Most specialty consultations completed through an electronic consult program at one health system were appropriate in nature and reduced in-person visits, although appropriateness and utility varied by specialty, a study found.
Researchers retrospectively assessed e-consults to five high-volume specialties (hematology, infectious diseases, dermatology, rheumatology, and psychiatry) at primary and specialty care practices affiliated with two large academic hospitals and two community hospitals of an integrated health system. They reviewed medical records to assess e-consult appropriateness, which was defined as meeting the following four criteria: not answerable by reviewing evidence-based summary sources, not merely requesting logistic information, having appropriate clinical urgency, and having appropriate patient complexity. Agreement between raters about appropriateness was assessed by the κ statistic. The researchers assessed the rate of avoided visits to assess e-consult utility, which was defined by the absence of an in-person visit to the same specialty within 120 days.

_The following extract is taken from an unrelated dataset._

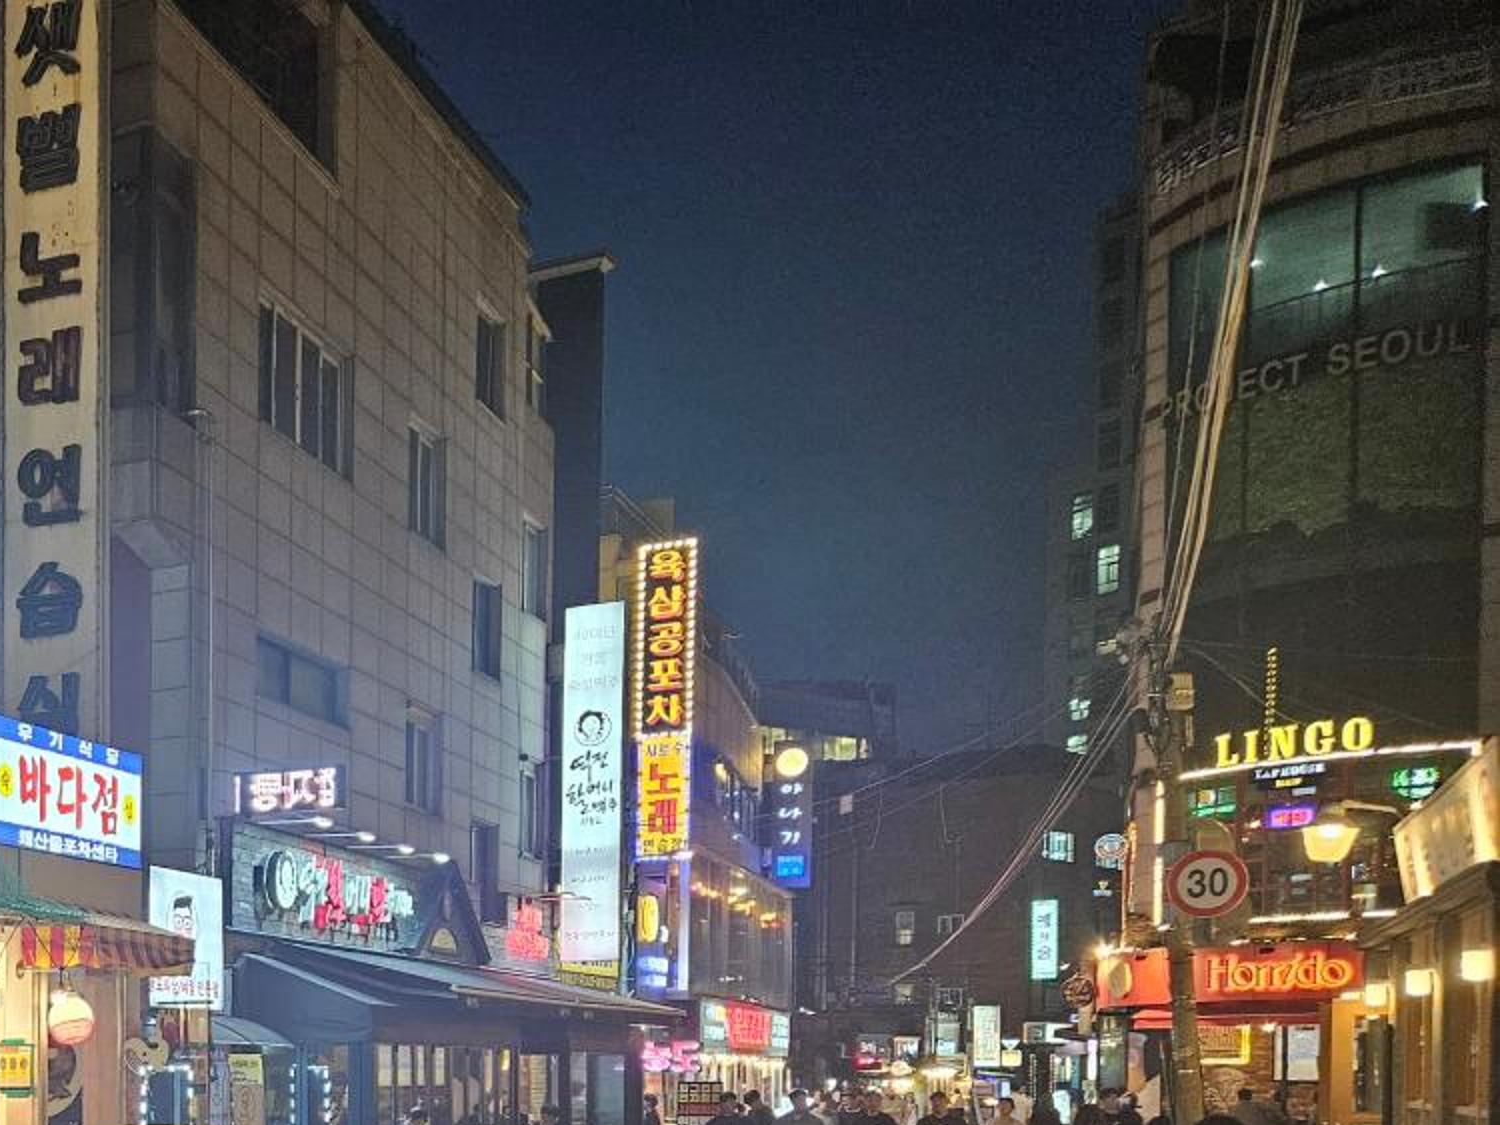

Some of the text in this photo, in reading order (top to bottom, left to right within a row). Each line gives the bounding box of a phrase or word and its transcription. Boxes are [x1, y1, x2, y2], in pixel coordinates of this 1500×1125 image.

Results were published online on April 14 by Annals of Internal Medicine.
From October 2017 through November 2018, 6,512 eligible e-consults were made by 1,096 referring clinicians to 121 specialists. Inquiries were characterized as diagnostic, therapeutic, for clinician education, or at the request of the patient. Therapy and diagnosis questions were most common, at 49.9% and 46.2% of e-consults, respectively. Most consults were answered within one day, with variation across specialties (73.1% for psychiatry to 87.8% for infectious disease). Overall, 70.2% of e-consults met all four criteria for appropriateness, ranging from 60.5% for rheumatology to 77.9% for psychiatry. Raters agreed on the appropriateness of 94% of the e-consults (κ=0.57; 95% CI, 0.36 to 0.79), indicating moderate agreement. The overall rate of avoided visits across the five specialties was 81.2%, with the highest rate in psychiatry, infectious diseases, and hematology (range, 86.9% to 92.6%) and the lowest in dermatology and rheumatology (61.9% and 65.2%, respectively).

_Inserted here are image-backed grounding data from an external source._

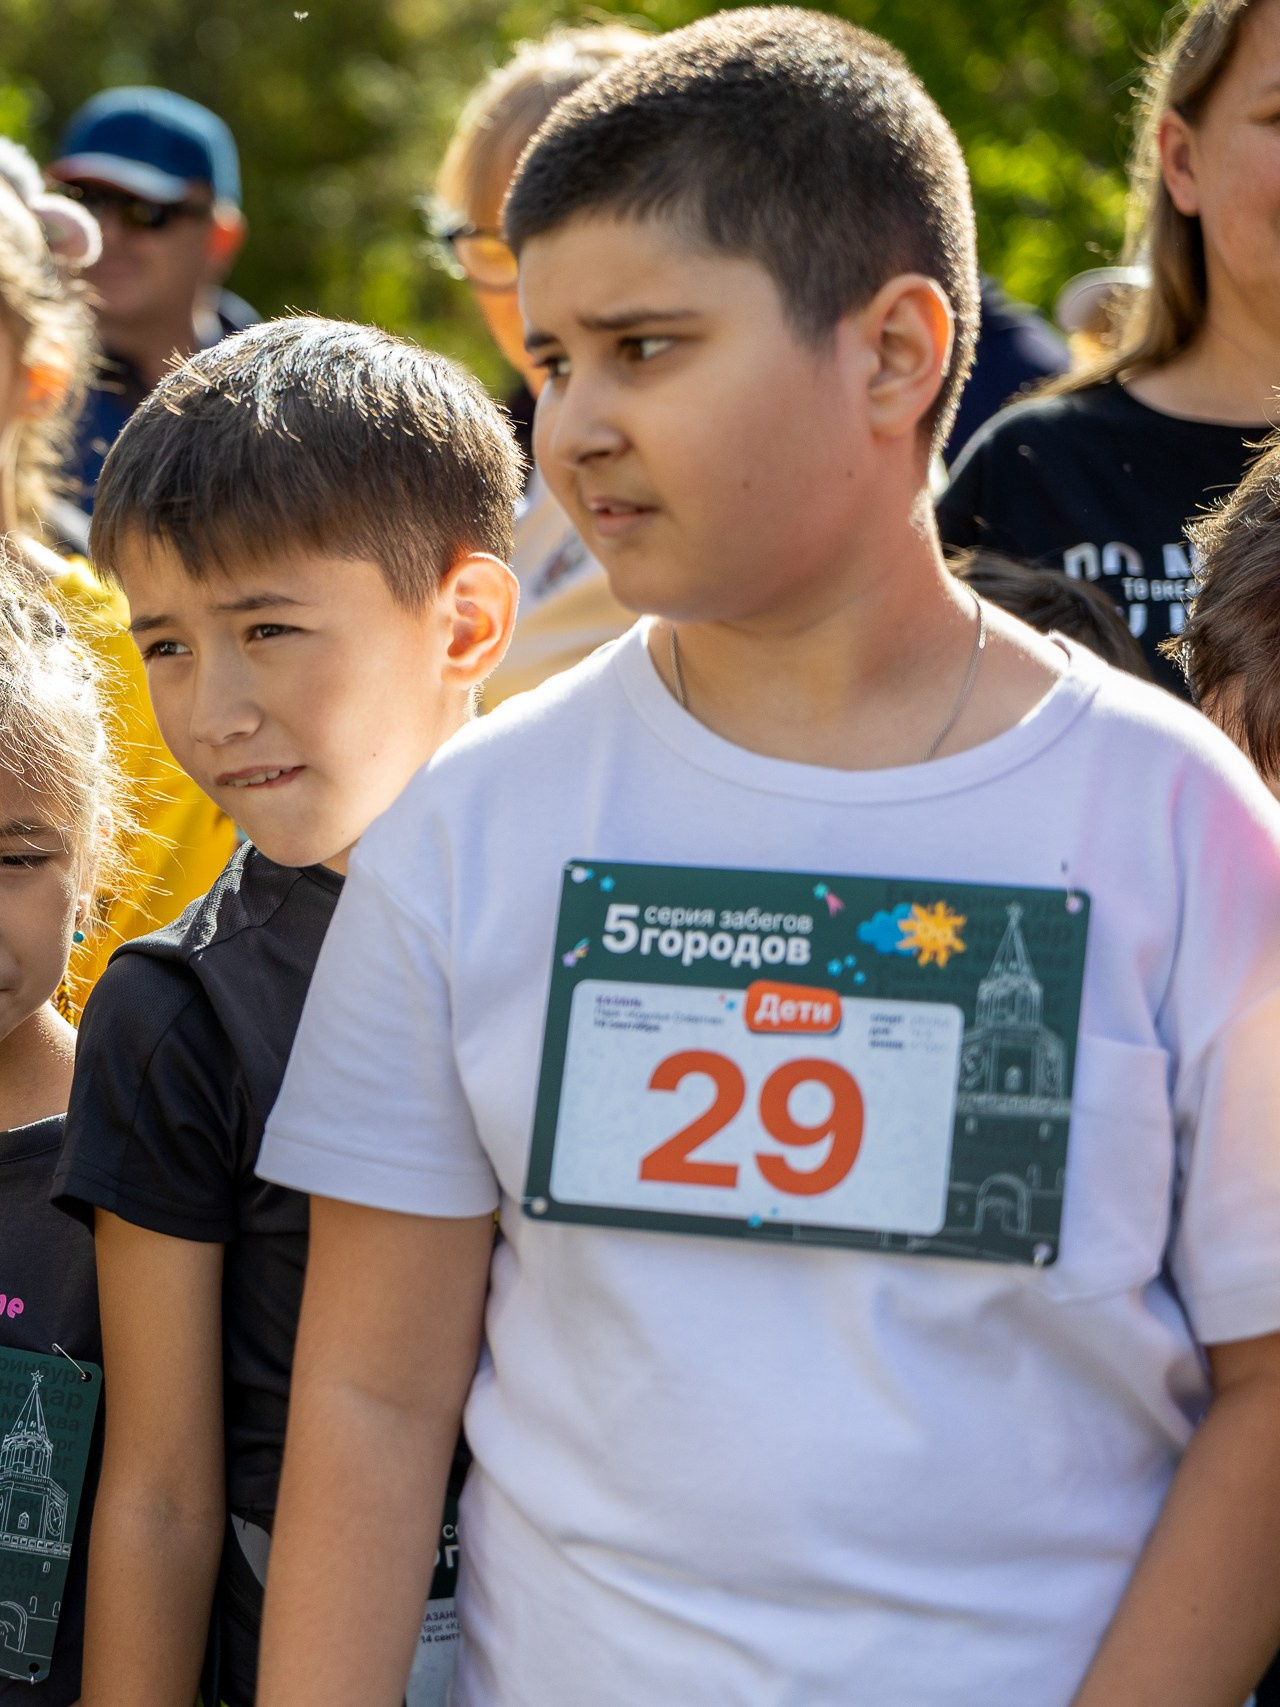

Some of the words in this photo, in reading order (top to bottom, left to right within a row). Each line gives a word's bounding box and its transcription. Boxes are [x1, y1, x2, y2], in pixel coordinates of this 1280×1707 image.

[602, 903, 640, 954] 5
[639, 927, 811, 970] городов
[644, 905, 715, 929] серия
[719, 907, 814, 934] забегов
[753, 992, 833, 1027] Дети
[638, 1048, 865, 1196] 29
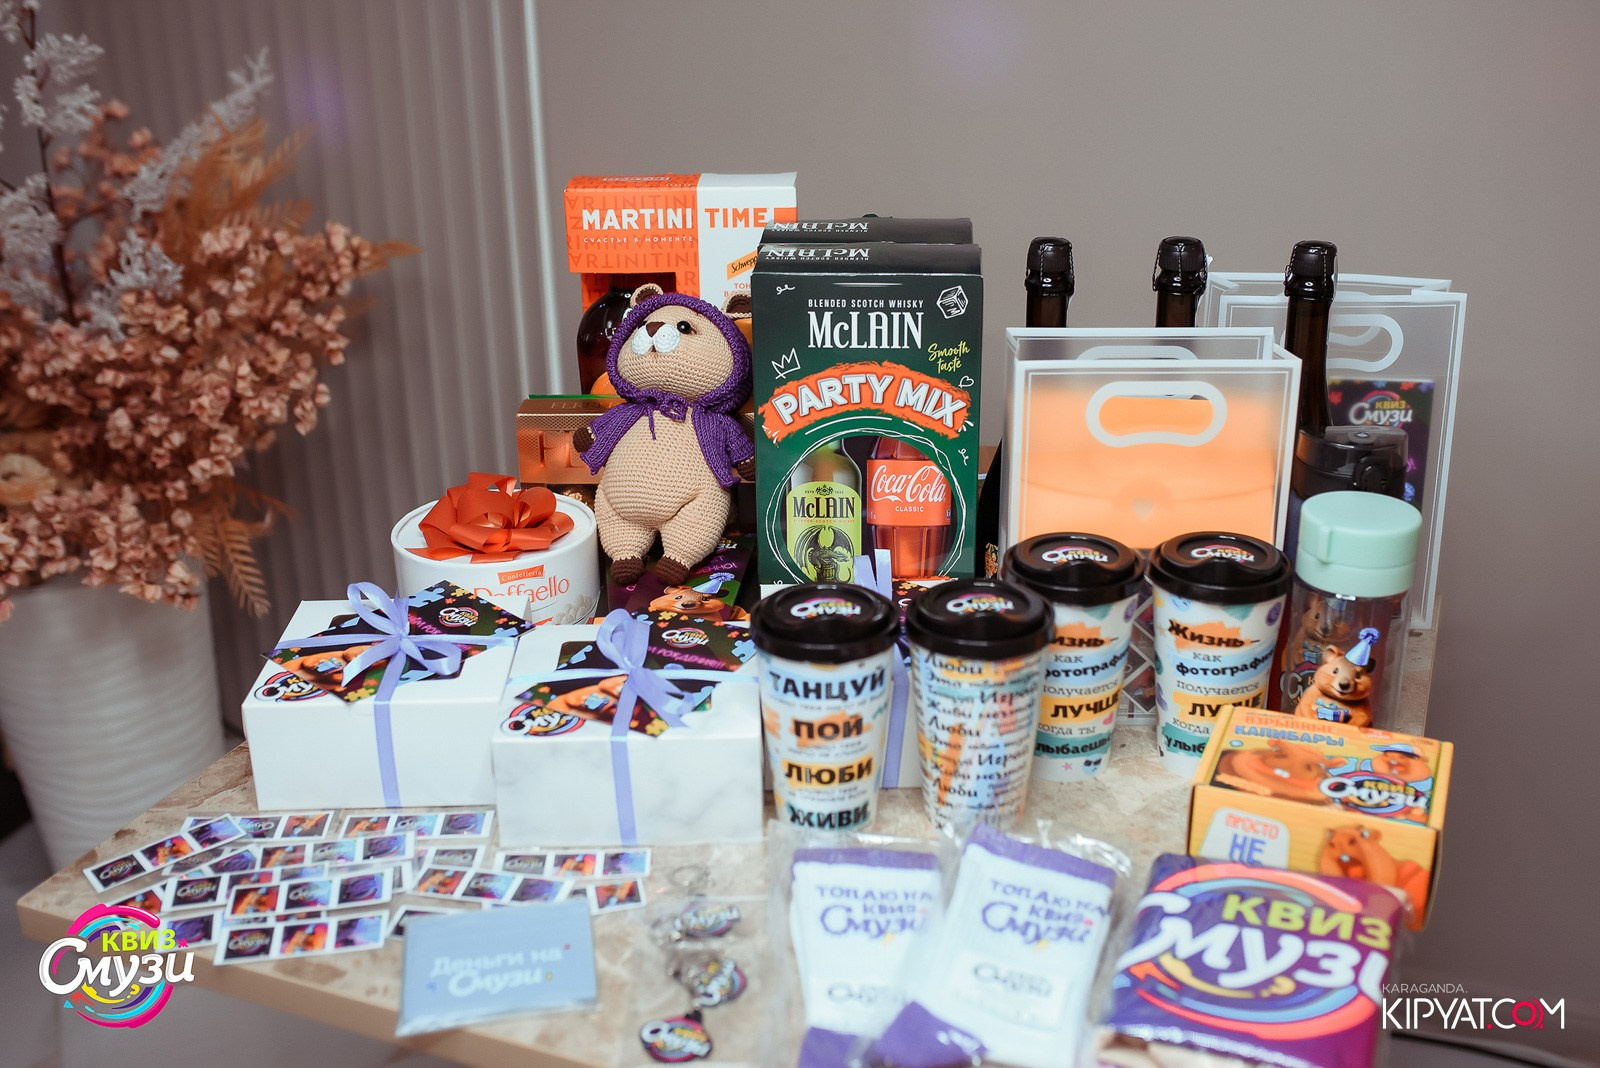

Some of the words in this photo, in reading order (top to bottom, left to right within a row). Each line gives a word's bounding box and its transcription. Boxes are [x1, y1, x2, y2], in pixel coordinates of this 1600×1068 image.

[582, 208, 693, 230] MARTINI
[704, 207, 769, 228] TIME
[808, 298, 847, 308] BLENDED
[851, 299, 885, 308] SCOTCH
[888, 299, 924, 309] WHISKY
[807, 311, 925, 350] McLAIN
[927, 340, 971, 362] Smooth
[937, 355, 962, 374] taste
[771, 372, 894, 425] PARTY
[895, 377, 967, 428] MIX
[1375, 400, 1406, 410] КВИЗ
[1349, 402, 1413, 426] Смузи
[870, 464, 947, 503] Coca-Cola
[793, 496, 856, 519] McLAIN
[501, 569, 542, 582] Confetteria
[1167, 618, 1244, 648] Жизнь
[1054, 654, 1084, 663] как
[1192, 652, 1222, 663] как
[254, 682, 315, 701] Сму
[769, 665, 886, 701] ТАНЦУЙ
[792, 713, 863, 741] ПОЙ
[1234, 725, 1344, 747] КАПИБАРЫ
[785, 756, 874, 785] ЛЮБИ
[787, 801, 870, 829] ЖИВИ
[1225, 813, 1280, 840] ПРОСТО
[1228, 833, 1266, 866] НЕ
[1221, 894, 1393, 950] КВИЗ

No standard, consensus metrics exist for evaluating e-consult programs, and the metrics used in the study may benefit from revision, the study authors noted. Other limitations include the fact that the results may not be generalizable to health systems in which specialists and primary care physicians do not share a common electronic health record and that data were limited on rural and various minority patient populations, they said.
While single-system studies are useful for local evaluation and quality improvement efforts, future studies should estimate the effect of e-consults on quality and cost of care across health systems and over time, an accompanying editorial noted. “Used alongside telemedicine and face-to-face visits, e-consults offer immense promise for increasing access to high-quality care while controlling the costs of health care delivery,” the editorialists wrote.